- _Records from a collection_:
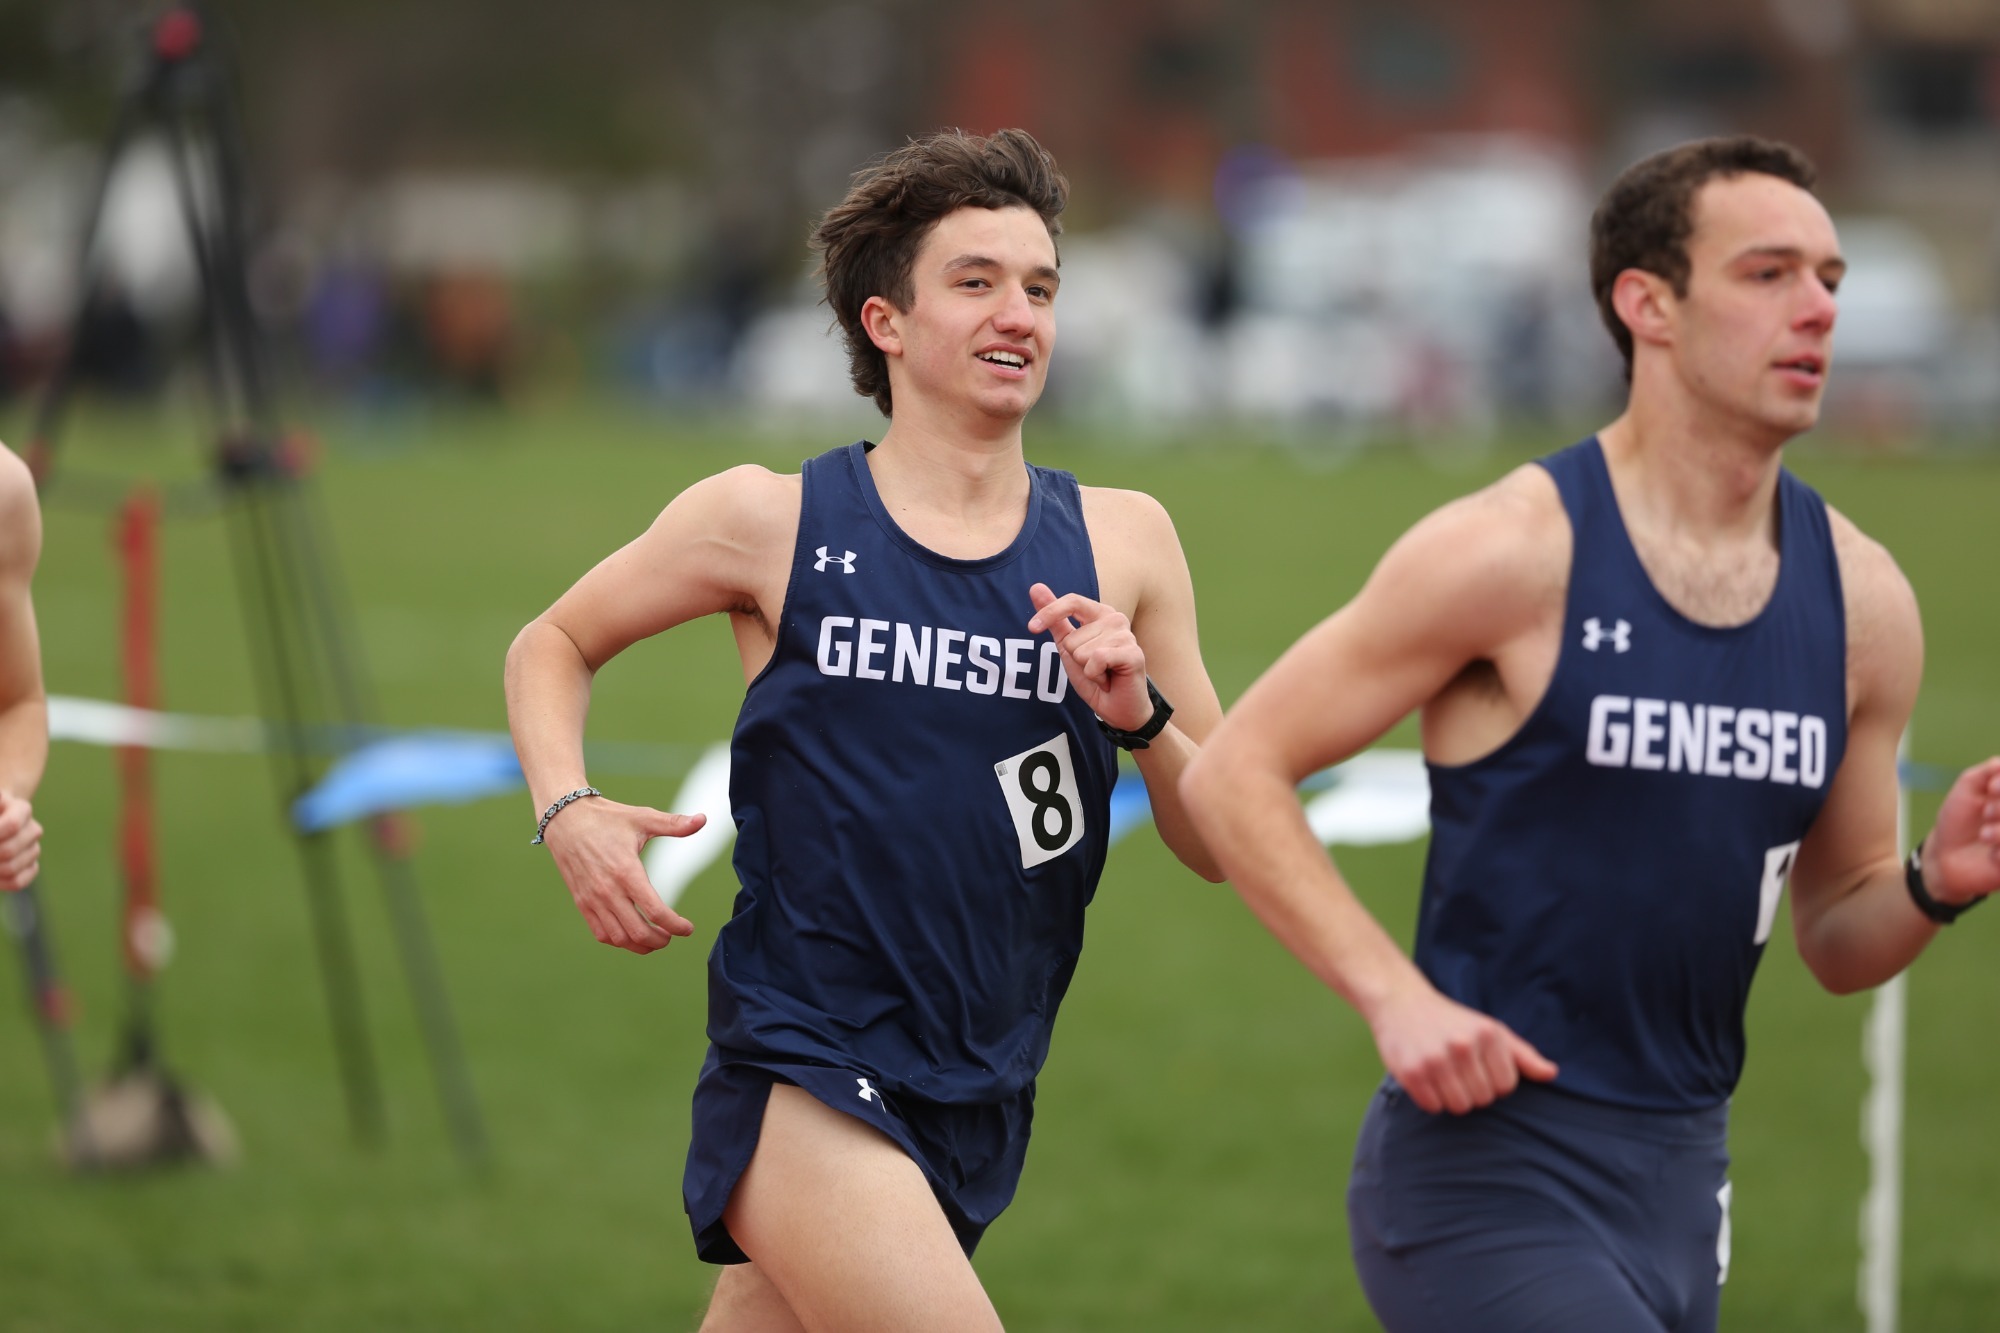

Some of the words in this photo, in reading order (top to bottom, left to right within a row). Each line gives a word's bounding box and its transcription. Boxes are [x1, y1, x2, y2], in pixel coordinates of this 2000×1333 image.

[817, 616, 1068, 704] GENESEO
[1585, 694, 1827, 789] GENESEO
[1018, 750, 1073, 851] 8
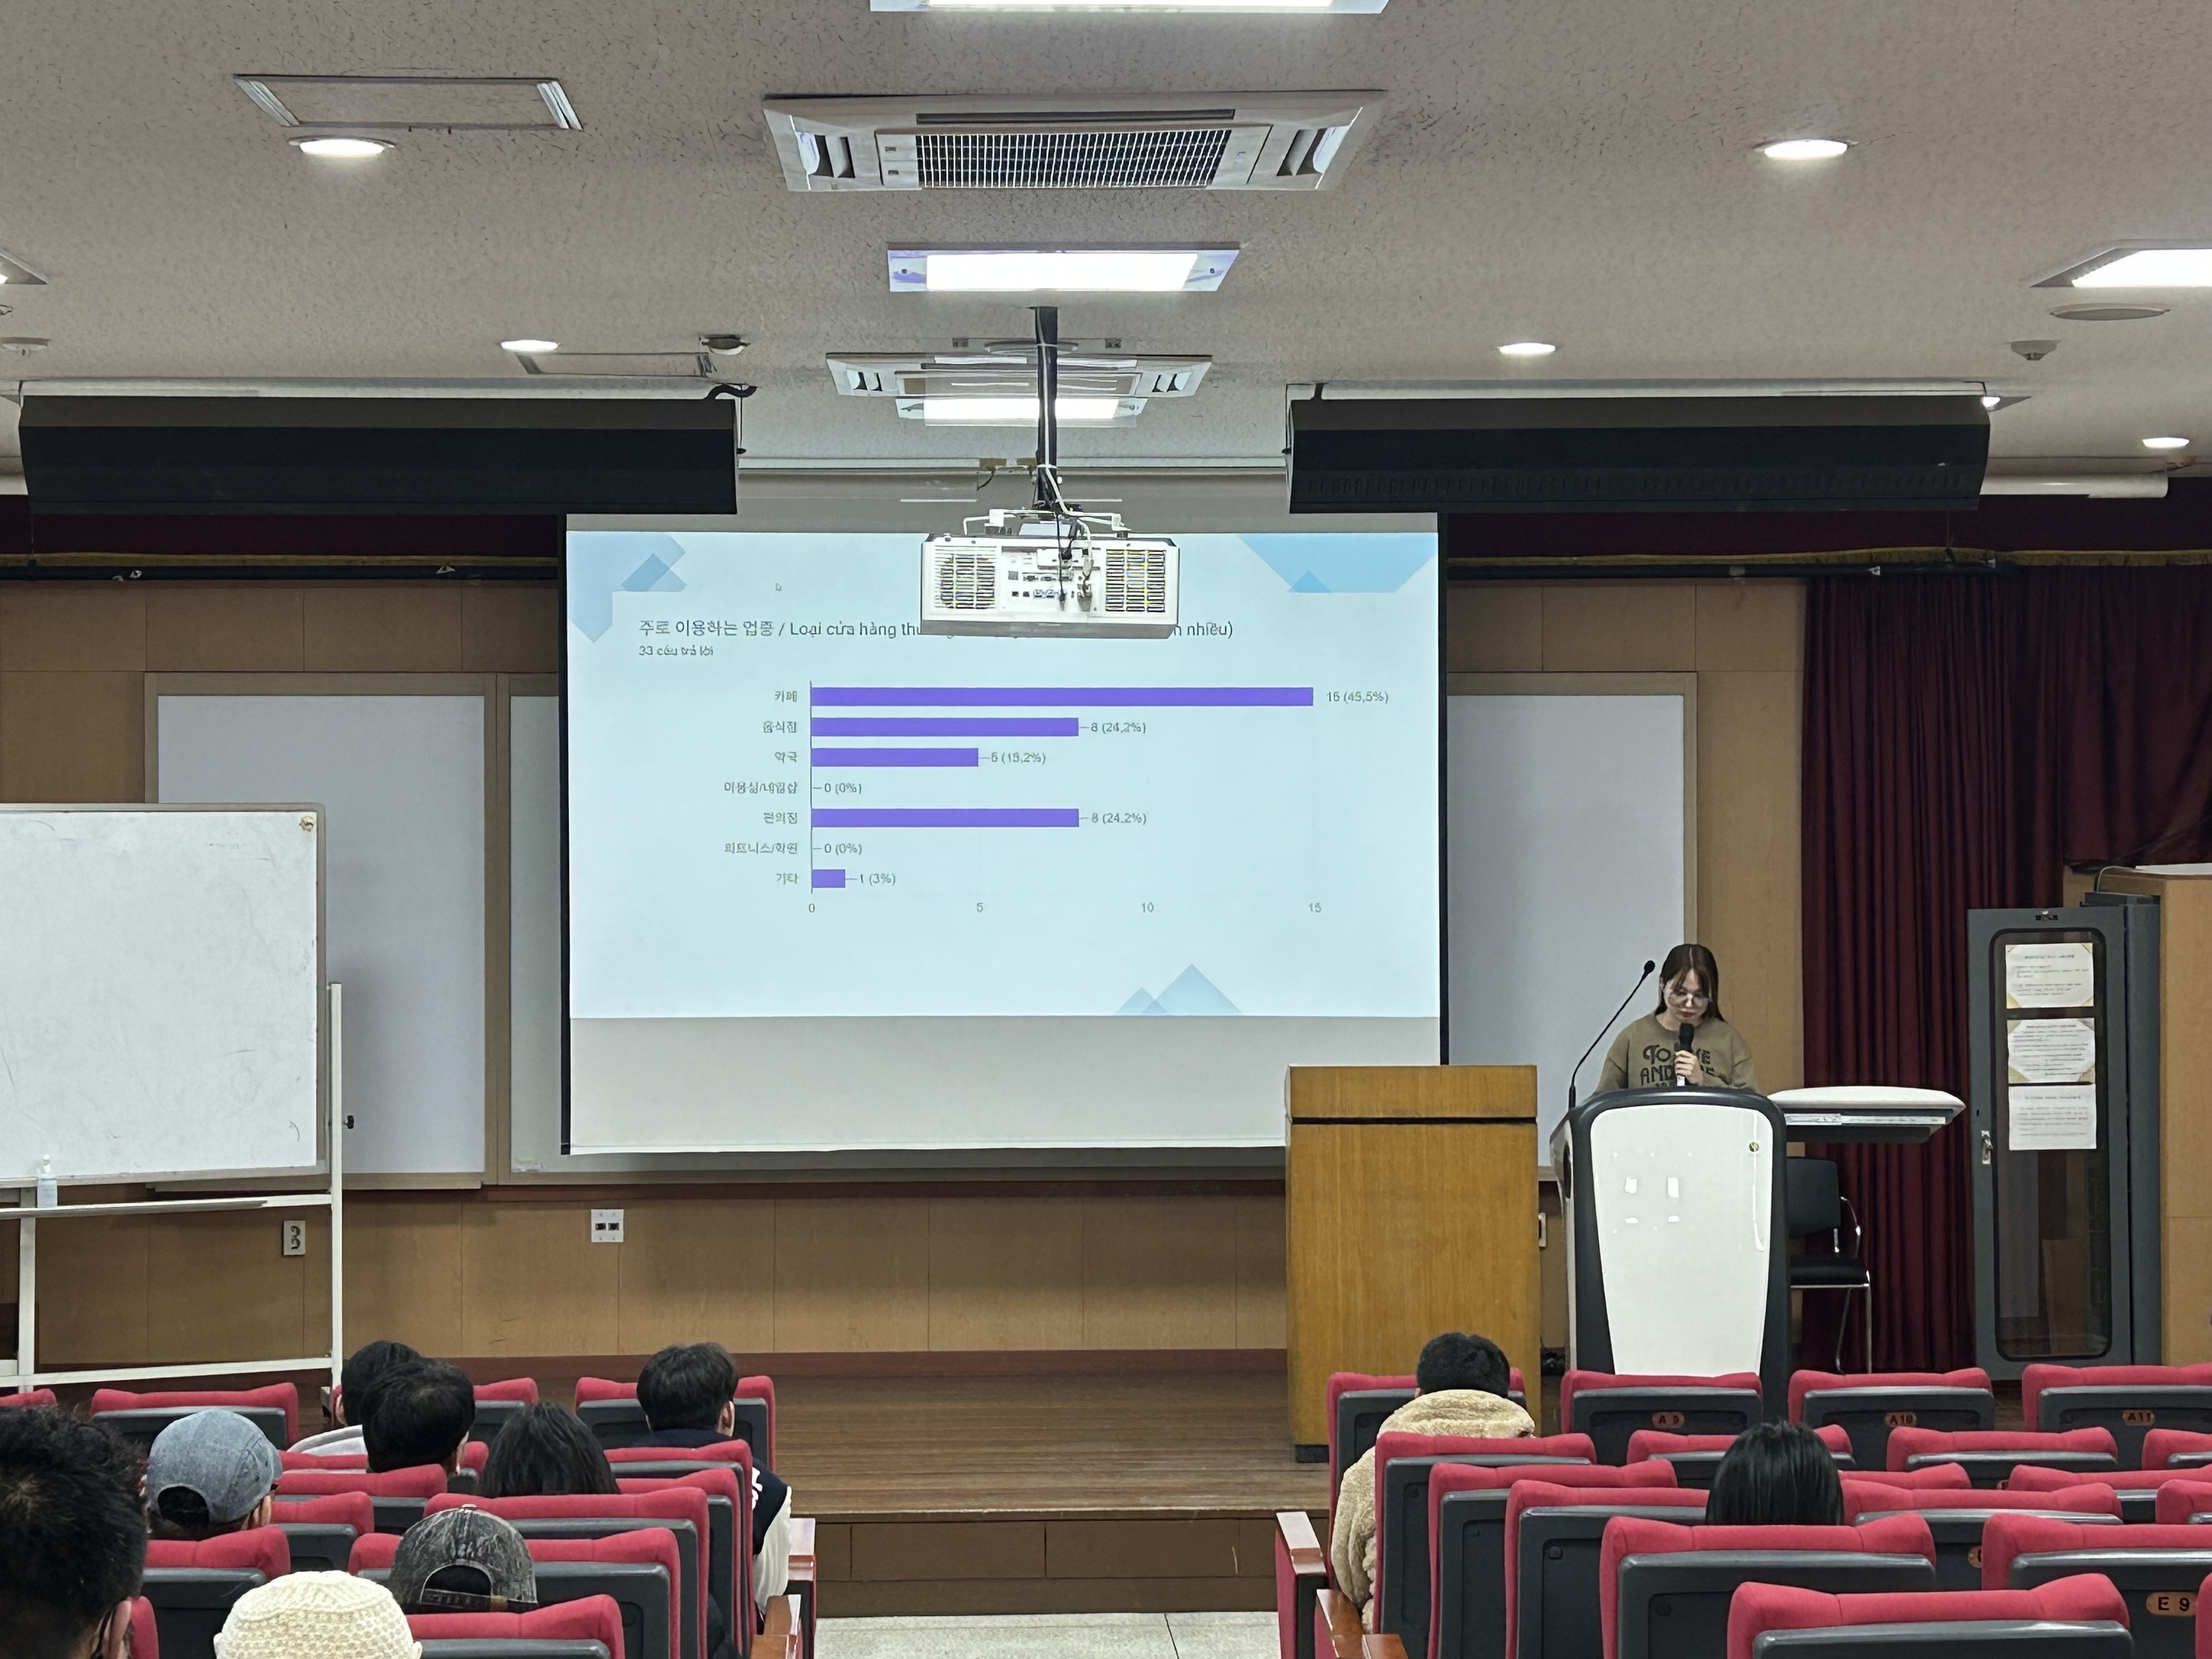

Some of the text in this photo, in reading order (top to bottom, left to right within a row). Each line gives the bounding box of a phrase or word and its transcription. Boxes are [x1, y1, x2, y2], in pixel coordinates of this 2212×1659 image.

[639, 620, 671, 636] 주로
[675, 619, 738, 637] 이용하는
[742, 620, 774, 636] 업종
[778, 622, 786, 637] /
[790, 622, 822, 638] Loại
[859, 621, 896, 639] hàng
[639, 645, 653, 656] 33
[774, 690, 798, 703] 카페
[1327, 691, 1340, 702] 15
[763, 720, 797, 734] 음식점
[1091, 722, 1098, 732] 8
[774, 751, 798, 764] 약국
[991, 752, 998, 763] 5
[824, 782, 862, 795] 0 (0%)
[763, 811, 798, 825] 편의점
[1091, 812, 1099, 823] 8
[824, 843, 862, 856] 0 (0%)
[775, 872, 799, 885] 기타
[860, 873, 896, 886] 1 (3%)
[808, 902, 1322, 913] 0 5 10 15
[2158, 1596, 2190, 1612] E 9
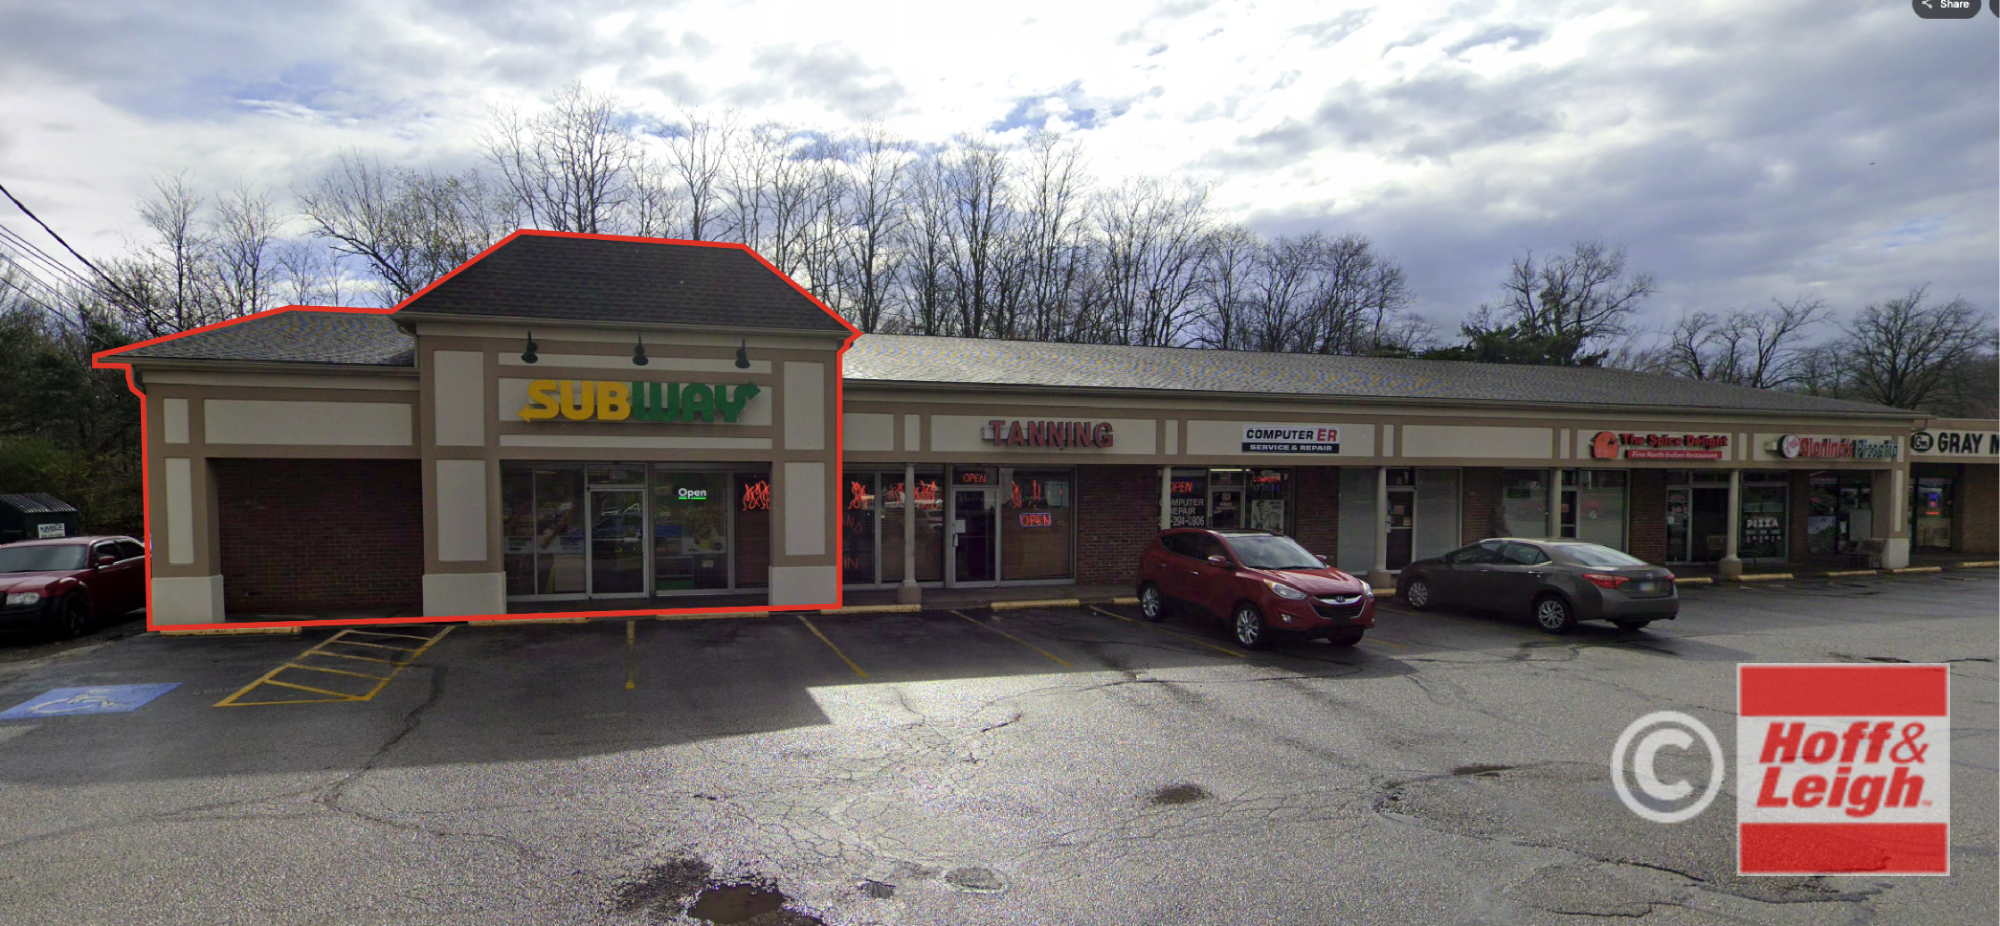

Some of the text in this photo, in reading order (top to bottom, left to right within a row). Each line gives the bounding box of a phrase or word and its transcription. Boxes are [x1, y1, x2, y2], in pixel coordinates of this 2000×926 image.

- _Task_: Where a picture appears in the data, omit it; restate the rest word for word.

- _Response to the task_:
Some of the words in this photo, in reading order (top to bottom, left to right within a row). Each line gives a word's bounding box and its transcription. Boxes are [x1, y1, x2, y2], in pixel coordinates of this 2000×1333 image.

[817, 616, 1068, 704] GENESEO
[1585, 694, 1827, 789] GENESEO
[1018, 750, 1073, 851] 8

Some of the text in this photo, in reading order (top to bottom, left to right within a row). Each line gives the bounding box of a phrase or word and its transcription. Boxes are [x1, y1, x2, y2], in pixel coordinates of this 2212×1659 image.

[639, 620, 671, 636] 주로
[675, 619, 738, 637] 이용하는
[742, 620, 774, 636] 업종
[778, 622, 786, 637] /
[790, 622, 822, 638] Loại
[859, 621, 896, 639] hàng
[639, 645, 653, 656] 33
[774, 690, 798, 703] 카페
[1327, 691, 1340, 702] 15
[763, 720, 797, 734] 음식점
[1091, 722, 1098, 732] 8
[774, 751, 798, 764] 약국
[991, 752, 998, 763] 5
[824, 782, 862, 795] 0 (0%)
[763, 811, 798, 825] 편의점
[1091, 812, 1099, 823] 8
[824, 843, 862, 856] 0 (0%)
[775, 872, 799, 885] 기타
[860, 873, 896, 886] 1 (3%)
[808, 902, 1322, 913] 0 5 10 15
[2158, 1596, 2190, 1612] E 9

Some of the text in this photo, in reading order (top to bottom, left to right within a row). Each line gives the bounding box of a phrase or word and its transcription. Boxes are [x1, y1, x2, y2], in pixel coordinates of this 2000×926 image.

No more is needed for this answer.